Olivier Faure : le candidat des socialistes

Commençons par un nom qui rassemble plusieurs socialistes, celui d’Olivier Faure pour le poste de Premier ministre. Le Premier secrétaire du PS n’a pas toujours eu que des adeptes dans son camp, loin de là. Mais même les anciens partisans de la ligne Mayer-Rossignol ne trouvent rien à y redire aujourd’hui. Un sénateur socialiste résume ainsi la situation : « Nous sommes la première force politique à gauche, il faut que notre représentant soit le Premier secrétaire du parti. C’est la logique institutionnelle. » Pour cette personnalité, il faut compter, dans les troupes socialistes, à la fois les députés et les sénateurs, un calcul qui tourne immédiatement en faveur du parti à la rose puisque les Insoumis n’ont aucun élu au Palais du Luxembourg. Une autre personnalité du parti abonde : « Le futur Premier ministre devra trouver des majorités de projet, il faut de l’expérience de la vie parlementaire. C’est pour ça qu’on a proposé Olivier Faure. »  
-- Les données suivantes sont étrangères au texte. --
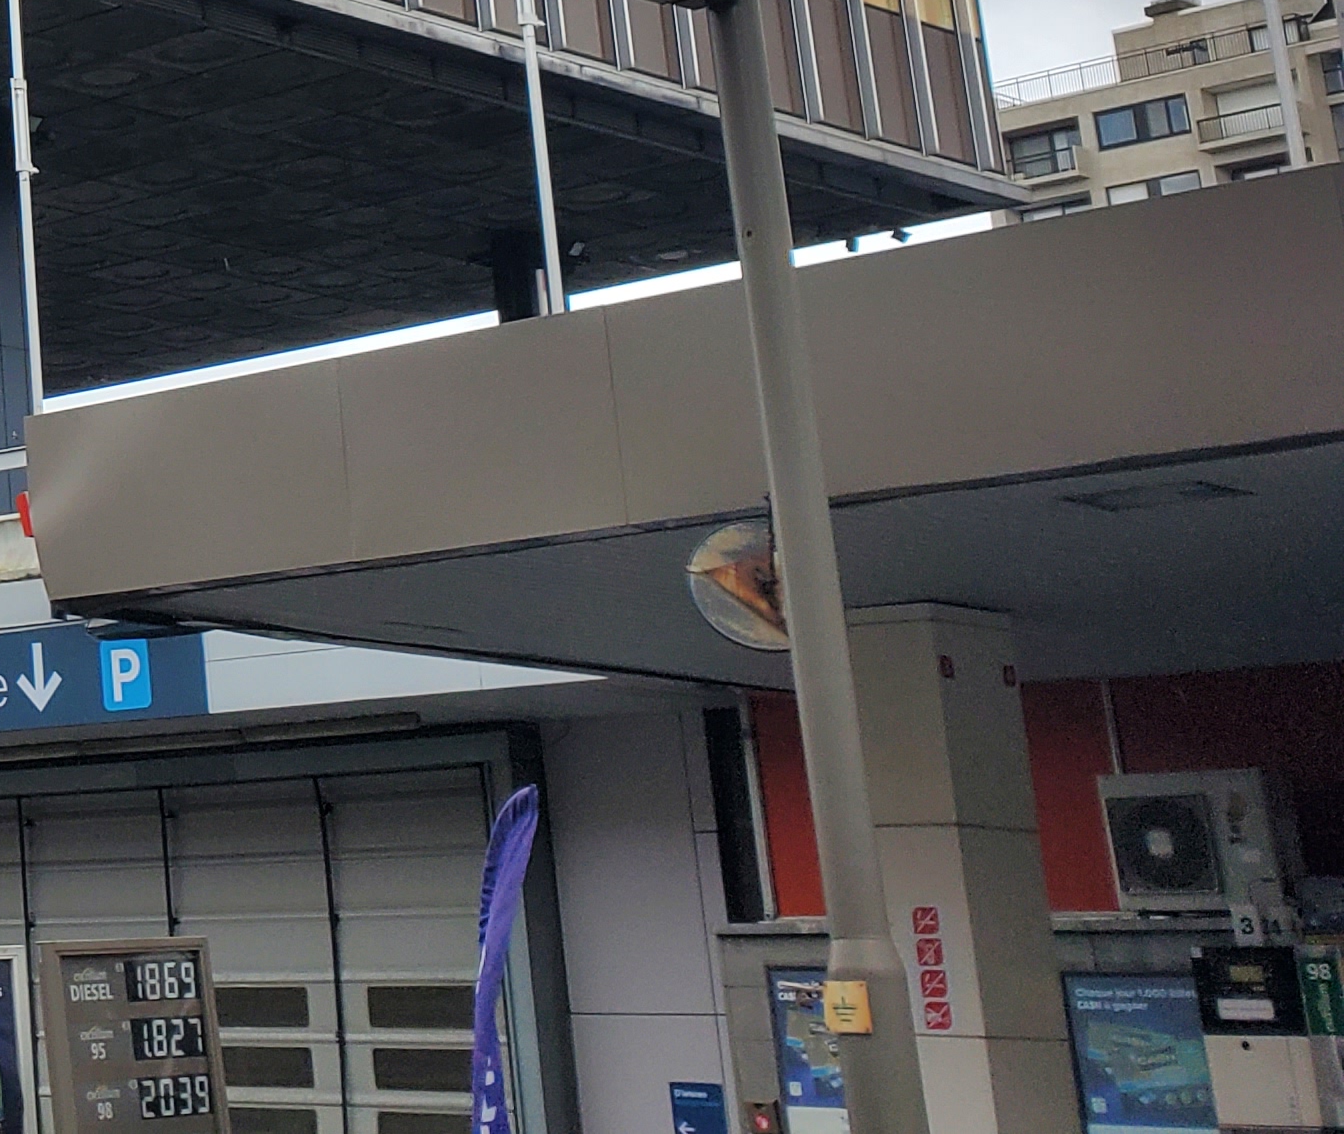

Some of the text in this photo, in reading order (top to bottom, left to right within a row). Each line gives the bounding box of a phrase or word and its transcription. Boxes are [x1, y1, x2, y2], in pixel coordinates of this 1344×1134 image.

[110, 648, 141, 702] P
[1240, 917, 1254, 935] 3
[1306, 963, 1332, 980] 98
[70, 983, 114, 1002] DIESEL
[91, 1042, 107, 1060] 95
[97, 1101, 113, 1120] 98
L’hypothèse Johanna Rolland murmurée ces dernières heures ? « Elle n’est pas candidate, son nom a été proposé par LFI pour diviser le Parti socialiste. » Mais le nom de l’édile de Nantes fait mouche chez certains écologistes, qui soulignent que le fait que « ça soit une femme, ça serait un bon principe. Ça me paraîtrait assez normal. Mais surtout, ce que l’on veut annoncer à travers notre candidature au poste de Premier ministre, c’est quelqu’un de rassembleur. » Un nom socialiste, nous confirme-t-on enfin, aurait aussi la faveur du Parti communiste. On découvre pourtant quelques minutes plus tard le nom d’Huguette Bello, la présidente du Conseil régional de la Réunion, proposé par Fabien Roussel. L’élue ultra-marine, a appuyé le communiste, pourrait « construire des majorités et parler avec le président de la République. » 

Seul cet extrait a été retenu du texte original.